Salicylic Acid for Ringworm
Salicylic acid is something to be associated to acetylsalicylic acid (ASA) also known as aspirin since it is a component of this medication. While a small amount of salicylic acid can be employed as a food preservative, it is commonly used as a topical medication for skin disorders like psoriasis, warts and seborrheic dermatitis. Topical agents that contain salicylic acid have also been cited as an effective remedy for pimples and blemishes associated with acne outbreaks.
Ringworm also referred to as dermatophyte infection is a skin disorder caused by fungus. Ringworm is often treated by topical or oral antifungal drugs such as Nizoral, Tinactin, Trosyd etc. However, topical salicylic acid has also been revealed as an alternative for antifungal drugs. But, can salicylic acid be as effective for ringworm?
How salicylic acid works
In seborrheic dermatitis (dandruff) and psoriasis, salicylic acid exerts its effect as a keratolytic – an agent that tend to shed off skin. Salicylic acid helps reduce the skin formation that piles up into dandruff. Salicylic acid works as an antiseptic in preventing pimples by killing the acne-causing bacteria.
As salicylic acid is a form of acid, it softens the calluses and warts making these easy to scrape off. Finally, salicylic acid is also classified as an antifungal. This means, salicylic acid can also treat fungal infections like ringworm.
Salicylic acid for ringworm
Topical salicylic acid can be in lotion, ointment or in liquid form. It can be in single form or in combination (e.g. Rhea Ap-Ap solution, DouFilm and United Home Whitfield’s ointment). Topical salicylic acid is usually applied three times a day. Although, salicylic acid falls under category C regarding pregnancy safety, it has no controlled studies on pregnant women therefore it is not advised for use.

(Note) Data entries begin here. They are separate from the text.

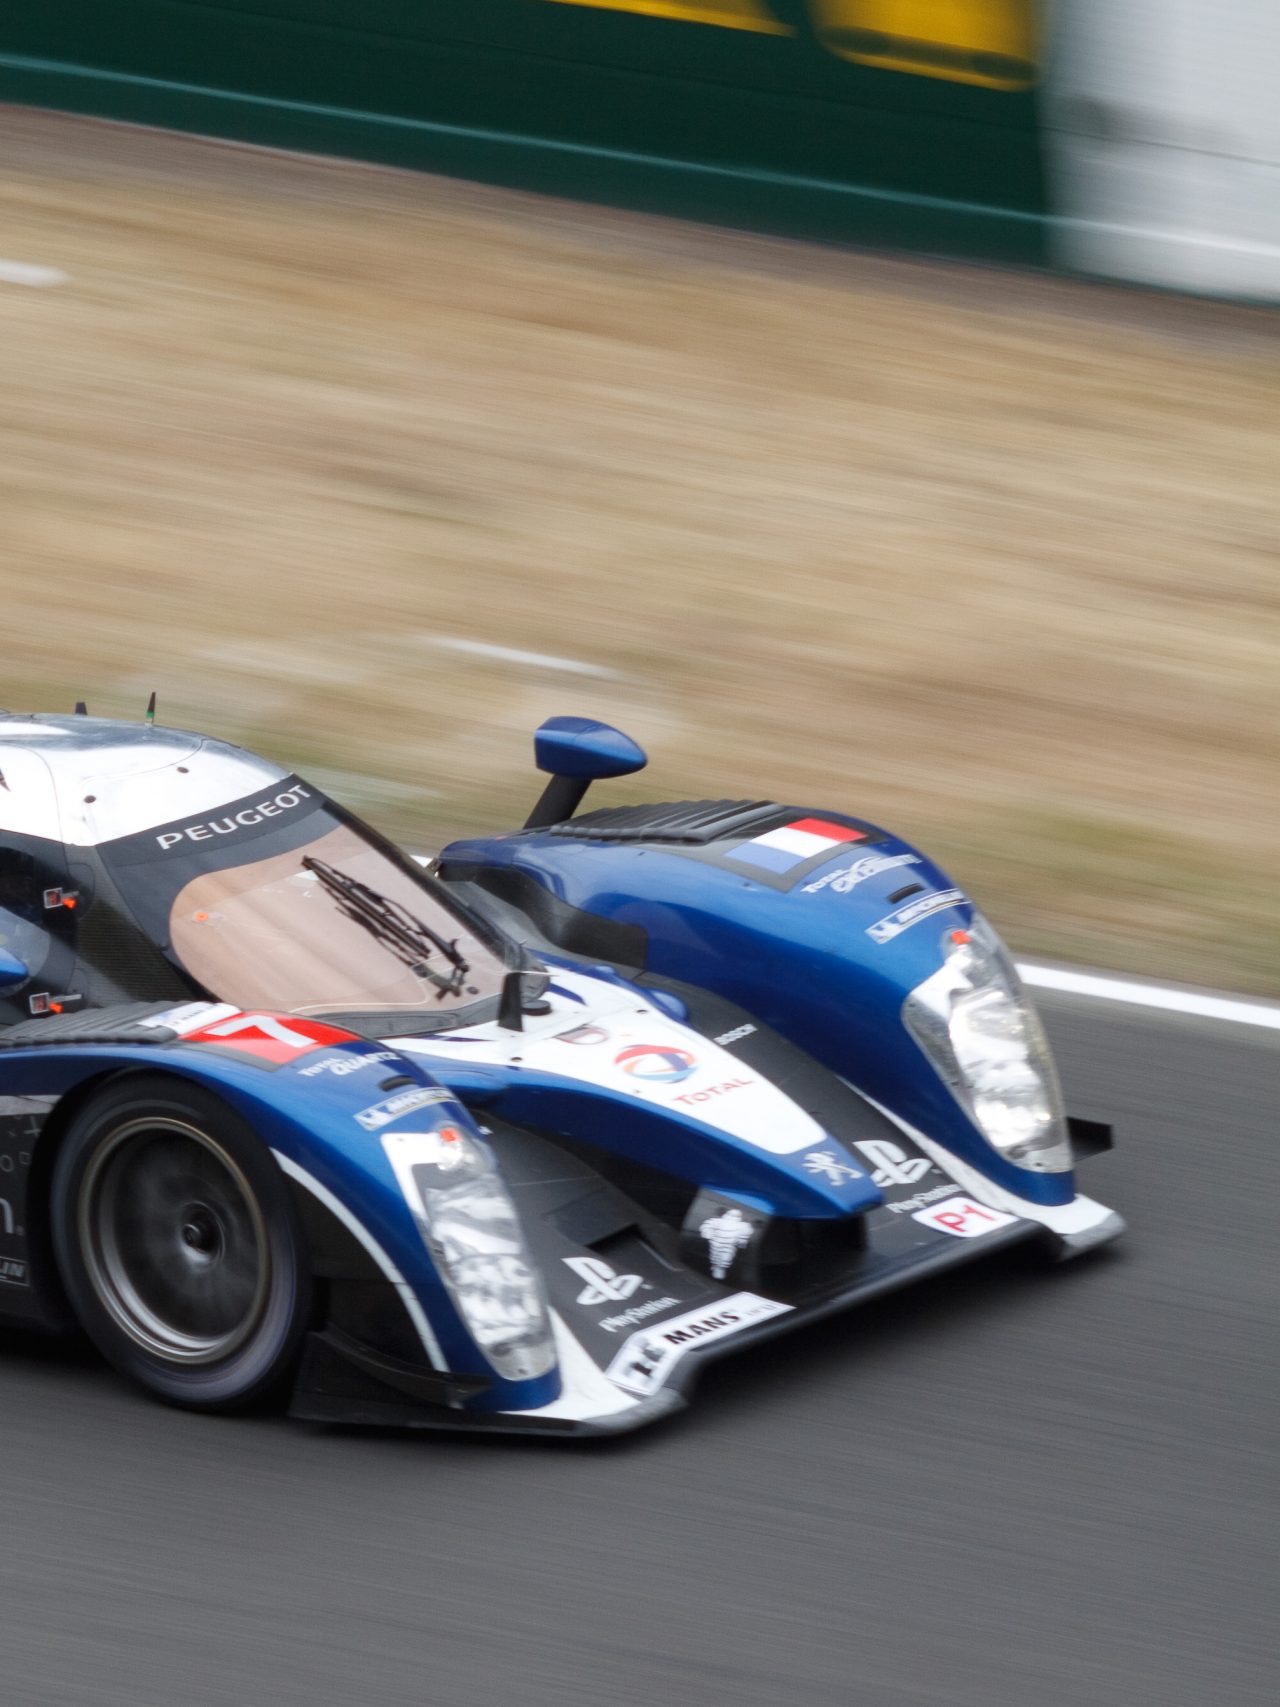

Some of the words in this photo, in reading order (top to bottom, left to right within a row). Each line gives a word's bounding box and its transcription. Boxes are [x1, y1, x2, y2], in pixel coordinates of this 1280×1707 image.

[155, 784, 311, 850] PEUGEOT
[203, 1014, 319, 1049] 7
[328, 1051, 403, 1076] QUARTZ
[673, 1077, 755, 1106] TOTAL
[931, 1204, 998, 1234] P1
[597, 1296, 683, 1333] PlayStation
[662, 1310, 742, 1346] MANS

Salicylic acid is not to be used on large surface areas of the body and should not be used in high concentrations for a long period of time. It should not be applied on a broken skin and should be avoided in contact with the eyes, mouth and genital regions.
The common side effects of a topical salicylic acid are drying and irritation.

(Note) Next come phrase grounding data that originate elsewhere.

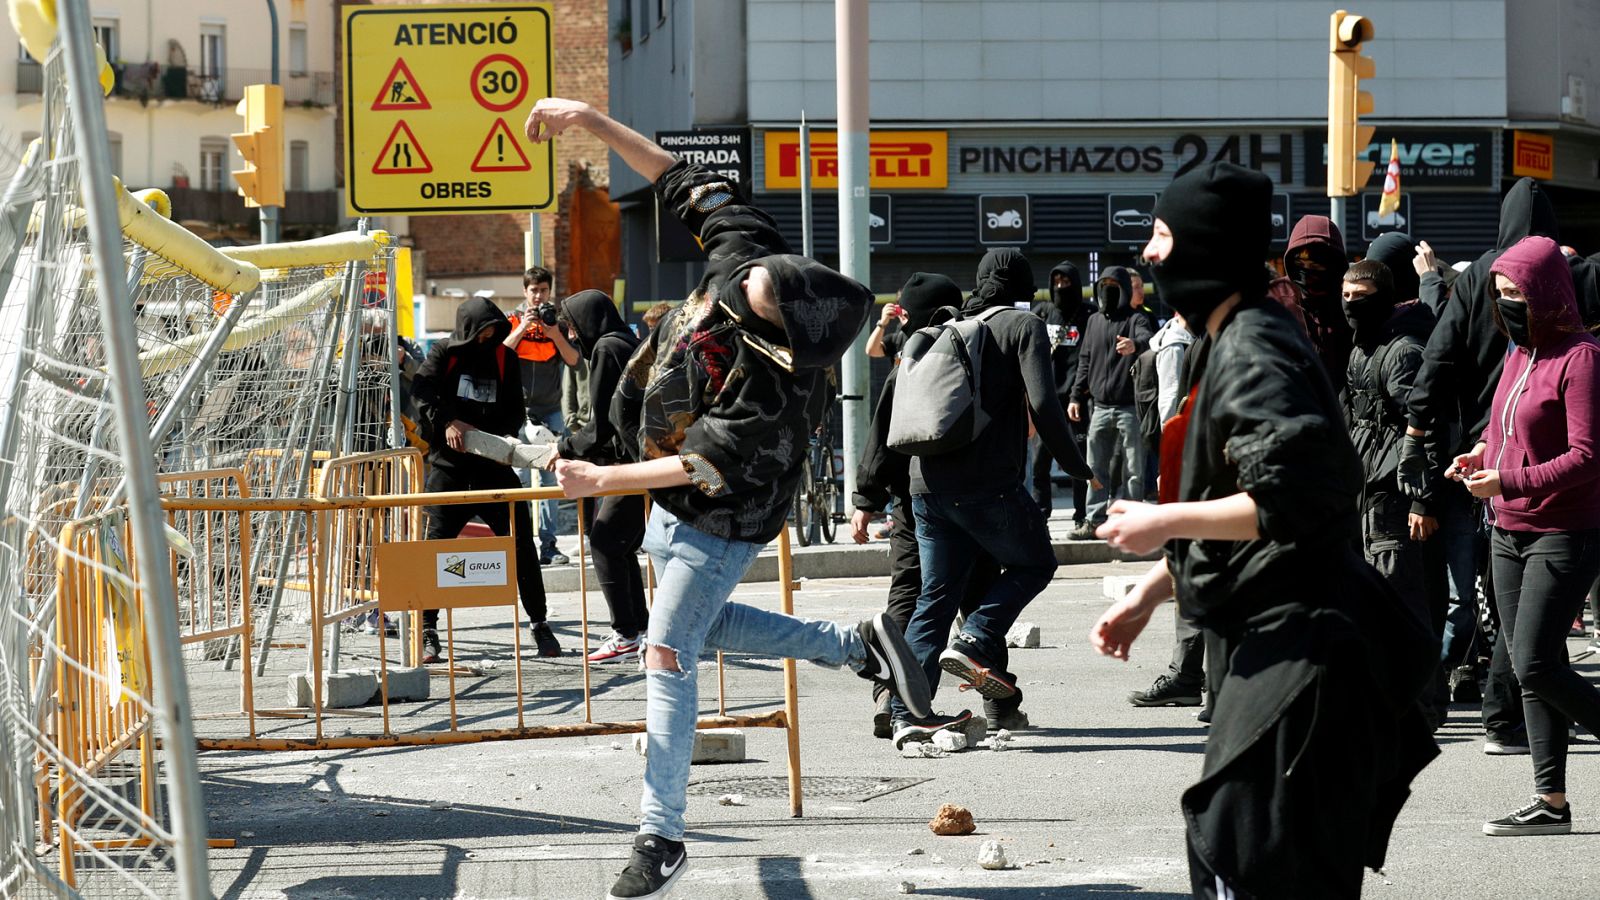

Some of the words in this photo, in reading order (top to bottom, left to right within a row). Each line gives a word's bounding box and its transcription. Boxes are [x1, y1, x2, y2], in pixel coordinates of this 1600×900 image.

[394, 16, 518, 46] ATENCIÓ
[482, 70, 518, 94] 30
[660, 135, 720, 146] PINCHAZOS
[721, 134, 741, 144] 24H
[672, 149, 741, 165] TRADA
[779, 143, 933, 177] PRLLI
[959, 146, 1164, 174] PINCHAZOS
[1173, 133, 1293, 184] 24H
[1516, 139, 1551, 172] PIRELLI
[1417, 168, 1425, 177] Y
[1427, 168, 1475, 177] SERVICIOS
[420, 181, 492, 199] OBRES
[469, 562, 502, 571] GRUAS

So, can salicylic acid be effective for ringworm?
Salicylic acid maybe classified as an antifungal but it is really a weak type. It can be an option as a remedy if other antifungal topical medications are not available. However, topical salicylic acid is generally indexed as an acne treatment preparation and as a keratolytic for warts, calluses and other scaling conditions. In addition, salicylic acid can sting the skin. With itch as one consequence of ringworm infection, an open wound is possible because of scratching. Hence, treatment with salicylic acid can be very painful.